Mi fermo a parlare con l’allenatore e con i componenti della squadra. Poi giro la bici. Torno indietro verso Elena e Giulia e con loro vado a vedere i risultati. Inizio a leggere la classifica partendo dalla metà dell’elenco. Scendo verso il basso. Almeno fra gli ultimi dovrei esserci. Non trovo il mio nome. Proprio nulla. Sorrido imbarazzato. Ora mi aiuto puntando anche il dito sull’elenco e, sfidando la mia autostima, comincio la risalita dei nomi. Fino al secondo classificato che… SONO IO?! Ma come? E chi l’avrebbe mai detto… Da dietro mi arrivano le frasi degli altri “Fan culo Giovanni! E meno male che non eri allenato…” “Bravo Giovanni!”. Mi sento soddisfatto e piacevolmente sorpreso di me stesso e dei vantaggi del Micoren… me dimentico completamente.
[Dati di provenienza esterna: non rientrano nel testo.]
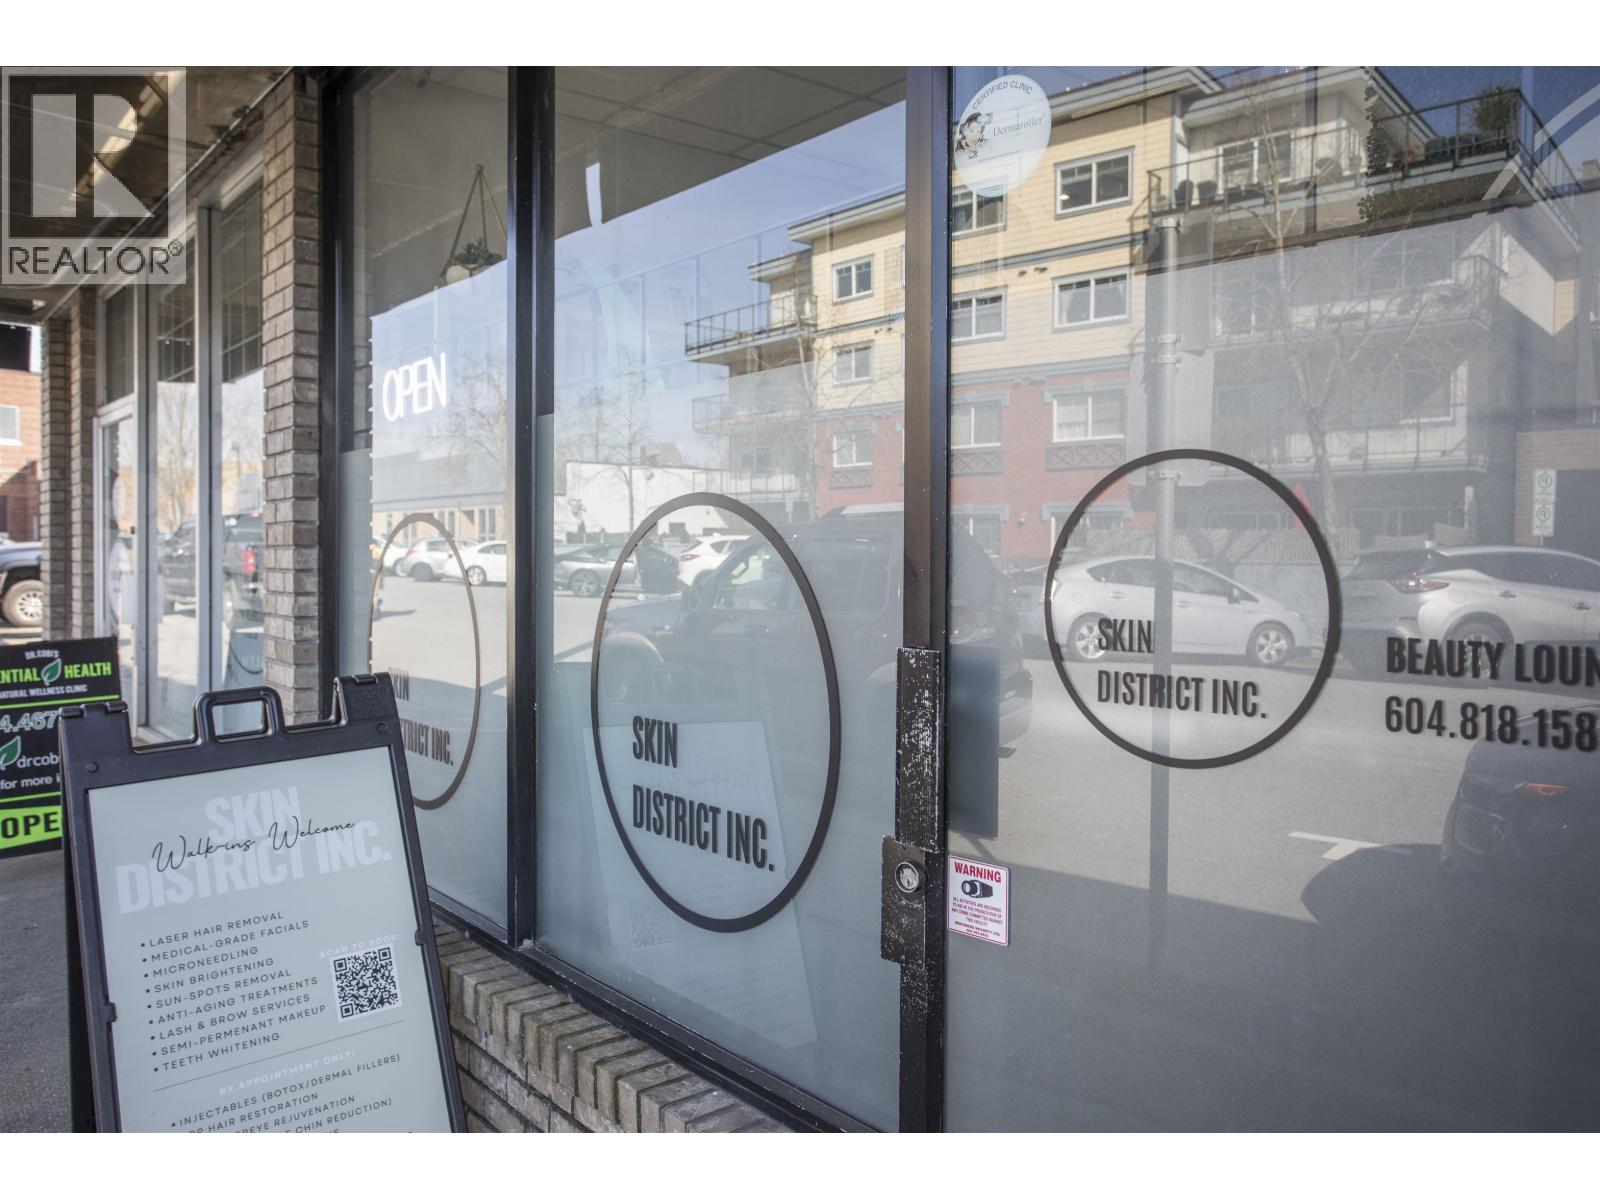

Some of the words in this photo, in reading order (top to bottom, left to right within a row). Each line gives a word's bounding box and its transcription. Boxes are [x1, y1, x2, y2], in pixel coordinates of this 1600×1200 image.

[972, 81, 1009, 110] CERTIFIED
[1009, 80, 1033, 95] CLINIC
[382, 352, 447, 421] OPEN
[1098, 617, 1152, 654] SKIN
[64, 662, 112, 679] HEALTH
[1386, 636, 1504, 680] BEAUTY
[29, 686, 65, 697] WELLNESS
[65, 684, 88, 693] CLINIC
[1098, 670, 1204, 713] DISTRICT
[1212, 678, 1268, 719] INC.
[400, 717, 430, 758] TRICT
[431, 727, 454, 766] INC.
[632, 715, 678, 768] SKIN
[1385, 695, 1598, 753] 604.818.158
[0, 779, 18, 790] for
[21, 776, 53, 788] more
[1, 811, 60, 839] OPE
[205, 785, 301, 845] SKIN
[268, 815, 356, 851] Welcome
[632, 784, 721, 854] DISTRICT
[727, 810, 775, 872] INC.
[115, 834, 306, 914] DISTRICT
[315, 820, 392, 875] INC.
[954, 861, 1002, 883] WARNING
[149, 930, 189, 948] LASER
[193, 924, 223, 939] HAIR
[227, 911, 284, 931] REMOVAL
[151, 932, 256, 963] MEDICAL-GRADE
[260, 920, 309, 938] FACIALS
[153, 946, 259, 978] MICRONEEDLING
[154, 978, 185, 993] SKIN
[189, 957, 275, 985] BRIGHTENING
[156, 983, 230, 1009] SUN-SPOTS
[235, 969, 292, 990] REMOVAL
[157, 997, 236, 1025] ANTI-AGING
[241, 977, 319, 1003] TREATMENTS
[159, 1025, 193, 1040] LASH
[197, 1020, 206, 1031] &
[210, 1011, 248, 1027] BROW
[252, 993, 311, 1016] SERVICES
[160, 1018, 273, 1056] SEMI-PERMENANT
[279, 1004, 327, 1023] MAKEUP
[162, 1053, 204, 1072] TEETH
[208, 1032, 281, 1060] WHITENING
[179, 1096, 258, 1127] INJECTABLES
[262, 1068, 353, 1103] (BOTOX/DERMAL
[356, 1053, 401, 1074] FILLERS)
[218, 1084, 235, 1096] BY
[238, 1060, 320, 1090] APPOINTMENT
[208, 1118, 236, 1132] HAIR
[240, 1092, 318, 1123] RESTORATION
[274, 1095, 355, 1127] REJUVENATION
[295, 1120, 323, 1133] CHIN
[327, 1097, 392, 1125] REDUCTION)
Dopo la premiazione, dove ricevo un’orribile coppa più simile a un oggetto da pesca di beneficenza che al degno riconoscimento di un secondo posto a una cronometro, Elena e Giulia vanno a casa. Io mi fermo a mangiare qualcosa con la squadra.

Mangio, ma dopo un po’ lo so che le chiacchiere post gara mi annoiano mortalmente. “Che problemi hai avuto?” “La bici come ha reagito?”, ma chi se ne frega… ormai la gara è conclusa. Decido di andare a casa.

Entro da campione. Mia figlia mi corre incontro, Elena mi prepara un caffè. Intanto mi siedo sul divano. Sono stanco, molto stanco, ma obiettivamente una gara così, dopo tanto tempo di semplici giretti con la bici… Mi è calata una stanchezza addosso… Sono le 16.00. Mi sdraio sul divano.

Le mani di Elena mi scuotono la spalla. Apro gli occhi. “è già pronto il caffè? Che ore sono?” “Quale caffè oramai? Sono le otto!” risponde. “Ho dormito quattro ore? Per una cronometro? Cazzarola…” intanto mi guardo intorno sperando che Giulia non sia nei paraggi “Beh, amore… detto fra noi… Meno male che ho preso il Micoren per la gara, altrimenti a quest’ora sarei veramente da buttare nel cesso…” “Quale Micoren?” mi dice Elena strabuzzando gli occhi. “Come quale? Quello che c’è in bagno!” le rispondo. “In bagno? Ma l’ho buttato via!” mi dice incredula. “Ma dai… ma se ho preso la boccetta… se è la!?” insisto quasi scocciato.

Insieme andiamo verso il bagno, verso l’armadietto con le antine a specchio. Apro con sicurezza il portellino e “Vedi Elena è questa qui!” mostrandole la boccetta. “Ma no… Quella è la boccetta dell’En! Quella che usiamo quando Giulia non vuole dormire. L’etichetta si era strappata e io l’ho riscritta a mano”. Guardo l’etichetta. Vedo la scritta praticamente come fosse la prima volta e in effetti… non è ciò che rimane dalla scritta Micoren, ma è proprio… EN! Mi guardo riflesso sull’armadietto. Un’espressione a dir poco da culo…

“Oh cazzo… mi sono fatto una cronometro, con 30 gocce di sonnifero addosso!”.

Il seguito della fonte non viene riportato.